> WORK ITEM
Would you transcribe each entry precisely as it stands, setting aside any images?

[Stored records]
=== Begin Enclosure ===
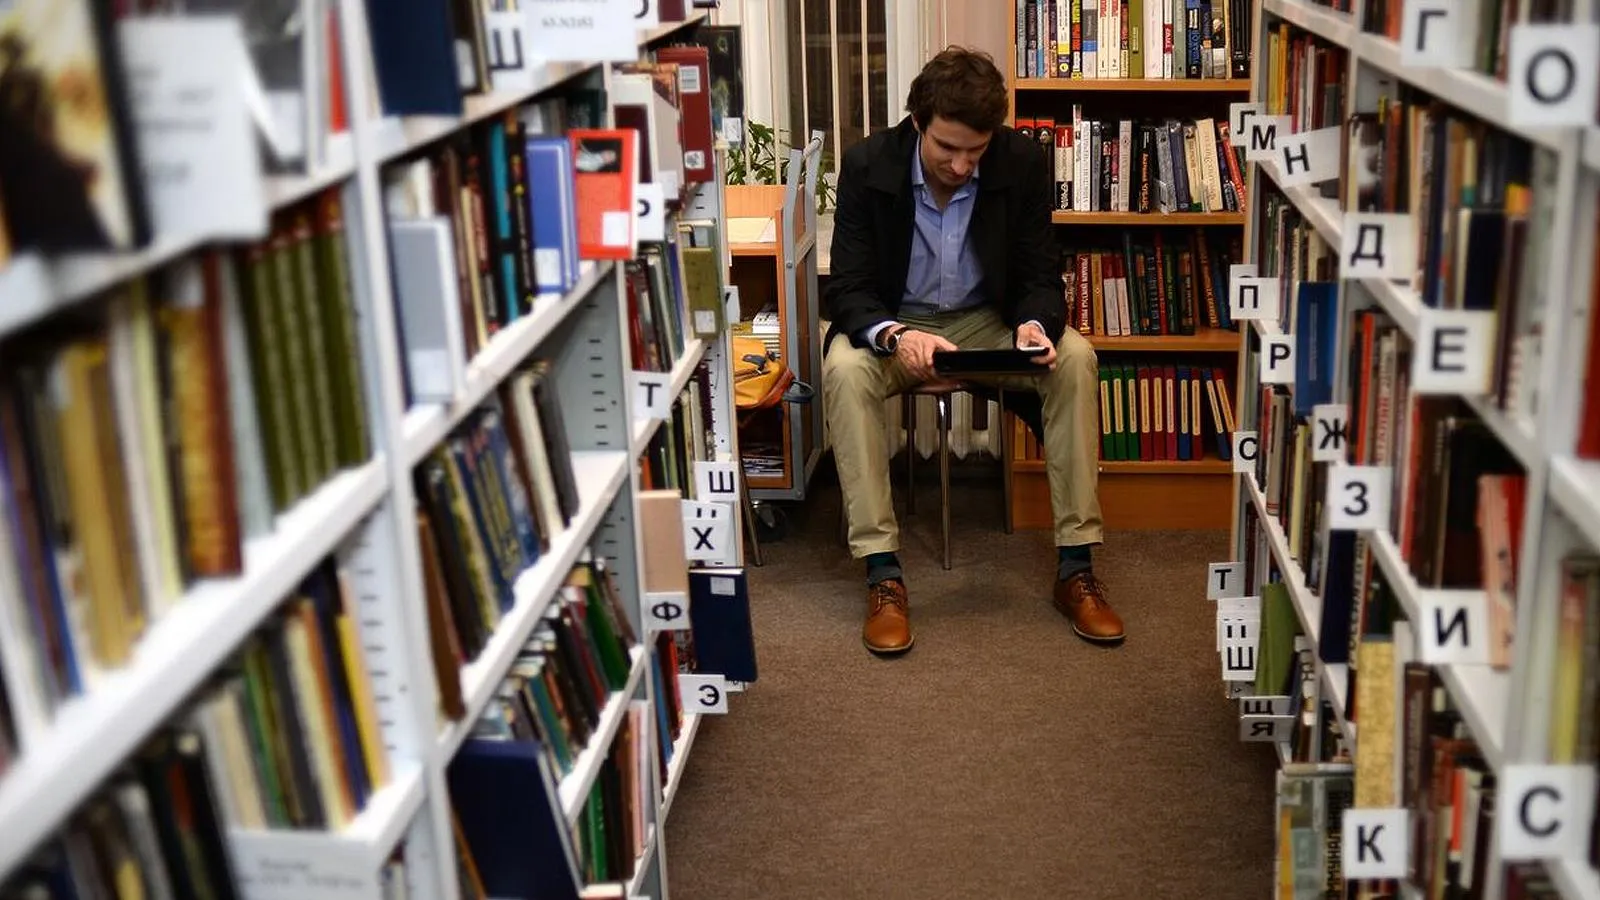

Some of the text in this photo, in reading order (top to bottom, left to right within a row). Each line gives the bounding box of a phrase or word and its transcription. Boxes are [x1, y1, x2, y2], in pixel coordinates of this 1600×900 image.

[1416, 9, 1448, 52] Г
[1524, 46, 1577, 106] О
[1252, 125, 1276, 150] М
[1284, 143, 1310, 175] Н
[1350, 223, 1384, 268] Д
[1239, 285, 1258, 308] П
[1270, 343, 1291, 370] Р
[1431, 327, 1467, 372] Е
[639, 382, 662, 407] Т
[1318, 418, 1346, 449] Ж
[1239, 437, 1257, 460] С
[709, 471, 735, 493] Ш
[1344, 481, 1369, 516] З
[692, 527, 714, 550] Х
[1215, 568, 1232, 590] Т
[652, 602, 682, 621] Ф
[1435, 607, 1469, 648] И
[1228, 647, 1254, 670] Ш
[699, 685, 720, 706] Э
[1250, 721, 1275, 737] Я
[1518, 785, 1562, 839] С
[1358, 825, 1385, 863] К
=== End Enclosure ===
> OUTPUT
Some of the text in this photo, in reading order (top to bottom, left to right within a row). Each line gives the bounding box of a phrase or word and its transcription. Boxes are [x1, y1, x2, y2], in pixel coordinates of this 1600×900 image.

[1416, 9, 1448, 52] Г
[1524, 46, 1577, 106] О
[1252, 125, 1276, 150] М
[1284, 143, 1310, 175] Н
[1350, 223, 1384, 268] Д
[1239, 285, 1258, 308] П
[1270, 343, 1291, 370] Р
[1431, 327, 1467, 372] Е
[639, 382, 662, 407] Т
[1318, 418, 1346, 449] Ж
[1239, 437, 1257, 460] С
[709, 471, 735, 493] Ш
[1344, 481, 1369, 516] З
[692, 527, 714, 550] Х
[1215, 568, 1232, 590] Т
[652, 602, 682, 621] Ф
[1435, 607, 1469, 648] И
[1228, 647, 1254, 670] Ш
[699, 685, 720, 706] Э
[1250, 721, 1275, 737] Я
[1518, 785, 1562, 839] С
[1358, 825, 1385, 863] К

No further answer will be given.